• [WHAT YOU NEED TO DO]:
Type every record exactly as it appears.

• [DATA RECORDS]:
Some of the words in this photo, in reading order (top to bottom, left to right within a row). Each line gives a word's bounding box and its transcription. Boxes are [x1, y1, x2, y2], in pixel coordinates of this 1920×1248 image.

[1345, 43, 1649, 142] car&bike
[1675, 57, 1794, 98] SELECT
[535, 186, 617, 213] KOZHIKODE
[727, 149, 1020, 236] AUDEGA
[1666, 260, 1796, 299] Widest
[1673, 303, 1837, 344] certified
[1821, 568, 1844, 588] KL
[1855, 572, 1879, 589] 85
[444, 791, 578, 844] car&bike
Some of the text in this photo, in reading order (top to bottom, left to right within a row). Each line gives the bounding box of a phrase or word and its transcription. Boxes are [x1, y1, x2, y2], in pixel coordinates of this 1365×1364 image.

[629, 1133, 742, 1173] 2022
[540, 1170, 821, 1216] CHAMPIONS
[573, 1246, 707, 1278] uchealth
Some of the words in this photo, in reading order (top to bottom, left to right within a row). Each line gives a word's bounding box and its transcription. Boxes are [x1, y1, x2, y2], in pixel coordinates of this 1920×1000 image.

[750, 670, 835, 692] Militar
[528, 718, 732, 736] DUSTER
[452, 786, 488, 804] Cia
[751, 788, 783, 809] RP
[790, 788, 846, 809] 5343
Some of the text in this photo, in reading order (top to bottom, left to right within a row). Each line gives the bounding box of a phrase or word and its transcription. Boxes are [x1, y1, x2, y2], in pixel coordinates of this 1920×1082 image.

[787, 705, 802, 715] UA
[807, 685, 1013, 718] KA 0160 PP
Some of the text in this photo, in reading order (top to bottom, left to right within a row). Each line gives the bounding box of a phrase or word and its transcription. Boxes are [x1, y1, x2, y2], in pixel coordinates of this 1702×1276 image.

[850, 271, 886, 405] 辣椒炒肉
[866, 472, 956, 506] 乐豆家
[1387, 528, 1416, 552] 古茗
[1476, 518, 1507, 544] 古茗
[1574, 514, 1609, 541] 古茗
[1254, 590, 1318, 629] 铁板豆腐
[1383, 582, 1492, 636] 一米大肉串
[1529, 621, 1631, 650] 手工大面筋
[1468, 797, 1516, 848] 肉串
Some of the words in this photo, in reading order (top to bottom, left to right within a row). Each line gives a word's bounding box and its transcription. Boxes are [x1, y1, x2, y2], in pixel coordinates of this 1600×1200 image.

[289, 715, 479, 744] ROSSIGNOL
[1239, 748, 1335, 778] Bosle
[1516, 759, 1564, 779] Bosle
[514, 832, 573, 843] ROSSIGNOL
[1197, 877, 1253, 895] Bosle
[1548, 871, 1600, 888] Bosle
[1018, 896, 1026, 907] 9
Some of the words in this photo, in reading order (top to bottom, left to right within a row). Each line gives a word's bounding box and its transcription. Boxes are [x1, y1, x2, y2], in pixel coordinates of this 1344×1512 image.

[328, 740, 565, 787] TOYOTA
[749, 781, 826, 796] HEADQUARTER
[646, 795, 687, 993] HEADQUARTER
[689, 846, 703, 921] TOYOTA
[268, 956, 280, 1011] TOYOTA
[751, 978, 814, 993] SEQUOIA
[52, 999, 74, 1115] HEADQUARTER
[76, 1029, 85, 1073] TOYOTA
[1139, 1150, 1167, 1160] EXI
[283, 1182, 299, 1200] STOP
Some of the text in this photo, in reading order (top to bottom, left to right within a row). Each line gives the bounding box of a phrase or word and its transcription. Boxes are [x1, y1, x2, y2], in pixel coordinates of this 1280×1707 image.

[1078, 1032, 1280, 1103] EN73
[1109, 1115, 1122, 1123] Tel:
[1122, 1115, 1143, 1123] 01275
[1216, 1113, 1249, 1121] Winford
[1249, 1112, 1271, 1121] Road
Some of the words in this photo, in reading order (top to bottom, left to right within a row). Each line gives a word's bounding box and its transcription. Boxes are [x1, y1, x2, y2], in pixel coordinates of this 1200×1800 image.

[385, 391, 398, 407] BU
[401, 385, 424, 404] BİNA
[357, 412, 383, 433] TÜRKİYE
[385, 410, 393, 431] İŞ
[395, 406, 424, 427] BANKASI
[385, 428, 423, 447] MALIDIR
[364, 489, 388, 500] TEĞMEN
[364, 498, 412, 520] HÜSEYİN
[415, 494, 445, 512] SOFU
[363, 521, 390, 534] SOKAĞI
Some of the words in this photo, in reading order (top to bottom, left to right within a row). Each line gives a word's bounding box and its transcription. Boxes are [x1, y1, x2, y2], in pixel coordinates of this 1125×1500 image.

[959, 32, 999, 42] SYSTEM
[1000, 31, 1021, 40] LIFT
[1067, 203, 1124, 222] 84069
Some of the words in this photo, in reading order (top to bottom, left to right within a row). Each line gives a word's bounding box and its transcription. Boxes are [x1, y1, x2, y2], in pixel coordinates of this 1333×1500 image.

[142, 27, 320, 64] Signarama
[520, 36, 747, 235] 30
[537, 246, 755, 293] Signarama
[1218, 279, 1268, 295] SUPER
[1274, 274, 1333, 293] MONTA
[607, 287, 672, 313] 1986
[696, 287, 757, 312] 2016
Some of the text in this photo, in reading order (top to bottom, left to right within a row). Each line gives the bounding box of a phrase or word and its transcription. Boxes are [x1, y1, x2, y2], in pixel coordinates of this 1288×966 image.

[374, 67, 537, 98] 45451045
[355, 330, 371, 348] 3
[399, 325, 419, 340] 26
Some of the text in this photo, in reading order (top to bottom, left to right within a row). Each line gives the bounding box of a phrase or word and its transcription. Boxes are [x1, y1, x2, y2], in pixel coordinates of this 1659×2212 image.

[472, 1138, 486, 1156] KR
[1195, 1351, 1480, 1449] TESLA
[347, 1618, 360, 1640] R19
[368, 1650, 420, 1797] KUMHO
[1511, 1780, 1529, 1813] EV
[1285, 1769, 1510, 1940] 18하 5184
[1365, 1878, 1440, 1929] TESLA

• [THE COMPLETED TASK]:
Some of the words in this photo, in reading order (top to bottom, left to right within a row). Each line gives a word's bounding box and its transcription. Boxes are [x1, y1, x2, y2], in pixel coordinates of this 1920×1248 image.

[1345, 43, 1649, 142] car&bike
[1675, 57, 1794, 98] SELECT
[535, 186, 617, 213] KOZHIKODE
[727, 149, 1020, 236] AUDEGA
[1666, 260, 1796, 299] Widest
[1673, 303, 1837, 344] certified
[1821, 568, 1844, 588] KL
[1855, 572, 1879, 589] 85
[444, 791, 578, 844] car&bike
Some of the text in this photo, in reading order (top to bottom, left to right within a row). Each line gives the bounding box of a phrase or word and its transcription. Boxes are [x1, y1, x2, y2], in pixel coordinates of this 1365×1364 image.

[629, 1133, 742, 1173] 2022
[540, 1170, 821, 1216] CHAMPIONS
[573, 1246, 707, 1278] uchealth
Some of the words in this photo, in reading order (top to bottom, left to right within a row). Each line gives a word's bounding box and its transcription. Boxes are [x1, y1, x2, y2], in pixel coordinates of this 1920×1000 image.

[750, 670, 835, 692] Militar
[528, 718, 732, 736] DUSTER
[452, 786, 488, 804] Cia
[751, 788, 783, 809] RP
[790, 788, 846, 809] 5343
Some of the text in this photo, in reading order (top to bottom, left to right within a row). Each line gives the bounding box of a phrase or word and its transcription. Boxes are [x1, y1, x2, y2], in pixel coordinates of this 1920×1082 image.

[787, 705, 802, 715] UA
[807, 685, 1013, 718] KA 0160 PP
Some of the text in this photo, in reading order (top to bottom, left to right within a row). Each line gives the bounding box of a phrase or word and its transcription. Boxes are [x1, y1, x2, y2], in pixel coordinates of this 1702×1276 image.

[850, 271, 886, 405] 辣椒炒肉
[866, 472, 956, 506] 乐豆家
[1387, 528, 1416, 552] 古茗
[1476, 518, 1507, 544] 古茗
[1574, 514, 1609, 541] 古茗
[1254, 590, 1318, 629] 铁板豆腐
[1383, 582, 1492, 636] 一米大肉串
[1529, 621, 1631, 650] 手工大面筋
[1468, 797, 1516, 848] 肉串
Some of the words in this photo, in reading order (top to bottom, left to right within a row). Each line gives a word's bounding box and its transcription. Boxes are [x1, y1, x2, y2], in pixel coordinates of this 1600×1200 image.

[289, 715, 479, 744] ROSSIGNOL
[1239, 748, 1335, 778] Bosle
[1516, 759, 1564, 779] Bosle
[514, 832, 573, 843] ROSSIGNOL
[1197, 877, 1253, 895] Bosle
[1548, 871, 1600, 888] Bosle
[1018, 896, 1026, 907] 9
Some of the words in this photo, in reading order (top to bottom, left to right within a row). Each line gives a word's bounding box and its transcription. Boxes are [x1, y1, x2, y2], in pixel coordinates of this 1344×1512 image.

[328, 740, 565, 787] TOYOTA
[749, 781, 826, 796] HEADQUARTER
[646, 795, 687, 993] HEADQUARTER
[689, 846, 703, 921] TOYOTA
[268, 956, 280, 1011] TOYOTA
[751, 978, 814, 993] SEQUOIA
[52, 999, 74, 1115] HEADQUARTER
[76, 1029, 85, 1073] TOYOTA
[1139, 1150, 1167, 1160] EXI
[283, 1182, 299, 1200] STOP
Some of the text in this photo, in reading order (top to bottom, left to right within a row). Each line gives the bounding box of a phrase or word and its transcription. Boxes are [x1, y1, x2, y2], in pixel coordinates of this 1280×1707 image.

[1078, 1032, 1280, 1103] EN73
[1109, 1115, 1122, 1123] Tel:
[1122, 1115, 1143, 1123] 01275
[1216, 1113, 1249, 1121] Winford
[1249, 1112, 1271, 1121] Road
Some of the words in this photo, in reading order (top to bottom, left to right within a row). Each line gives a word's bounding box and its transcription. Boxes are [x1, y1, x2, y2], in pixel coordinates of this 1200×1800 image.

[385, 391, 398, 407] BU
[401, 385, 424, 404] BİNA
[357, 412, 383, 433] TÜRKİYE
[385, 410, 393, 431] İŞ
[395, 406, 424, 427] BANKASI
[385, 428, 423, 447] MALIDIR
[364, 489, 388, 500] TEĞMEN
[364, 498, 412, 520] HÜSEYİN
[415, 494, 445, 512] SOFU
[363, 521, 390, 534] SOKAĞI
Some of the words in this photo, in reading order (top to bottom, left to right within a row). Each line gives a word's bounding box and its transcription. Boxes are [x1, y1, x2, y2], in pixel coordinates of this 1125×1500 image.

[959, 32, 999, 42] SYSTEM
[1000, 31, 1021, 40] LIFT
[1067, 203, 1124, 222] 84069
Some of the words in this photo, in reading order (top to bottom, left to right within a row). Each line gives a word's bounding box and its transcription. Boxes are [x1, y1, x2, y2], in pixel coordinates of this 1333×1500 image.

[142, 27, 320, 64] Signarama
[520, 36, 747, 235] 30
[537, 246, 755, 293] Signarama
[1218, 279, 1268, 295] SUPER
[1274, 274, 1333, 293] MONTA
[607, 287, 672, 313] 1986
[696, 287, 757, 312] 2016
Some of the text in this photo, in reading order (top to bottom, left to right within a row). Each line gives the bounding box of a phrase or word and its transcription. Boxes are [x1, y1, x2, y2], in pixel coordinates of this 1288×966 image.

[374, 67, 537, 98] 45451045
[355, 330, 371, 348] 3
[399, 325, 419, 340] 26
Some of the text in this photo, in reading order (top to bottom, left to right within a row). Each line gives the bounding box of a phrase or word and its transcription. Boxes are [x1, y1, x2, y2], in pixel coordinates of this 1659×2212 image.

[472, 1138, 486, 1156] KR
[1195, 1351, 1480, 1449] TESLA
[347, 1618, 360, 1640] R19
[368, 1650, 420, 1797] KUMHO
[1511, 1780, 1529, 1813] EV
[1285, 1769, 1510, 1940] 18하 5184
[1365, 1878, 1440, 1929] TESLA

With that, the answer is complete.